Chris Cooper (19:45):
That money supports our system of government, our health-care system, our education system, our roads, our police, our fire departments and more. And I’m proud to make such a large contribution. Even when I’m frustrated by the process, I’m proud of the outcome, but sometimes a local kid just needs a bike, and they can’t wait for the subcommittee on youth fitness in northern communities to decide to fund a single bicycle in a community of 2,000 kids. So I just go to the bike store and buy the bike, and we’ve been donating 50 bikes every year to local kids in foster care. This year we donated another 60 to kids in foster care. And then foster-care kids said, “That’s it, everybody’s got a bike.” And so we went to Big Brothers Big Sisters and we said, “Do you guys need bikes?” And they said, “Yeah, we could use eight bikes right now.”
Chris Cooper (20:32):
And so I drove to the store and I bought eight bikes. We just bought them. We didn’t have to apply for a grant. We didn’t have to write an application to a government. We just had the money. And so we spent it. Other people volunteer as big brothers and big sisters to these kids. Other people work as foster-care workers. My contribution is not greater than theirs, but it is different and it is necessary. Other people work for companies and apply for government grants. I’m not good at those things, but I am good at making money. And so I give money, and that’s how I make an impact. Now I’m sharing this stuff to inspire you. It’s okay to make lots of money. It’s okay to pay lots of taxes. It’s okay to invest money or build wealth or give cash away, but you have to make money first.
Chris Cooper (21:17):
So start with an income. Feed the golden goose. Get your gym to pay you a hundred thousand dollars a year. Then make investments.
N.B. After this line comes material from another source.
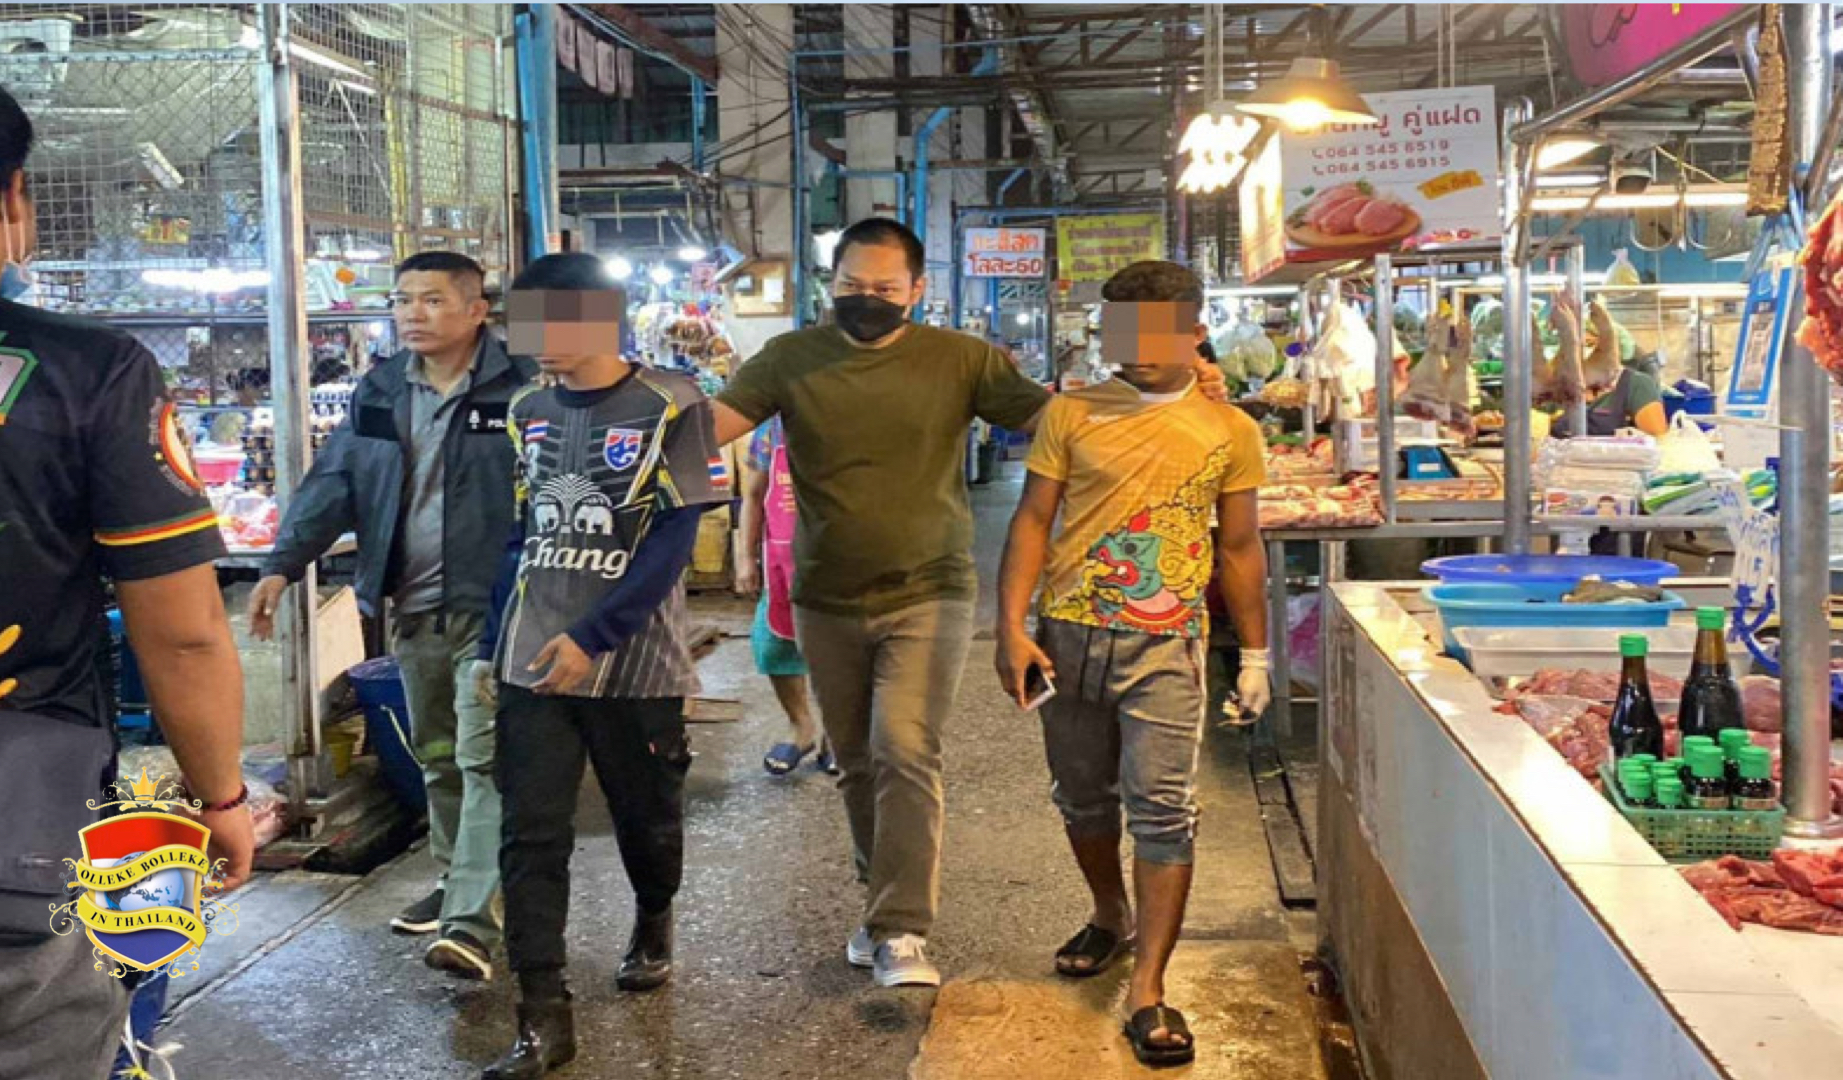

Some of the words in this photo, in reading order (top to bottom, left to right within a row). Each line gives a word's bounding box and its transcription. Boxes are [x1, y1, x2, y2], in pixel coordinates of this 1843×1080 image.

[1403, 103, 1480, 135] คู่แฝด
[1366, 142, 1398, 155] 545
[1366, 159, 1399, 171] 545
Expand your flock. Then think about impact where you’re going to leave the golden eggs. Look, I’m lucky, but I’m not special. You can do this, too. I’m Chris Cooper. This is “Run a Profitable Gym.” I kind of went off on a rant on you there, and I hope that this inspired you to make your gym profitable and to kind of give you a view of the future and where you can go. If you wanna talk to me about this stuff more, just go to gymownersunited.com. That’s our free group. I’m pretty active in there. I try to hop in once a day. But there are 7,600 positive, happy gym owners in there who are just eager to help you solve these problems. Thank you for your service. I really hope you get to the point where you can just give away the golden eggs for the rest of your life.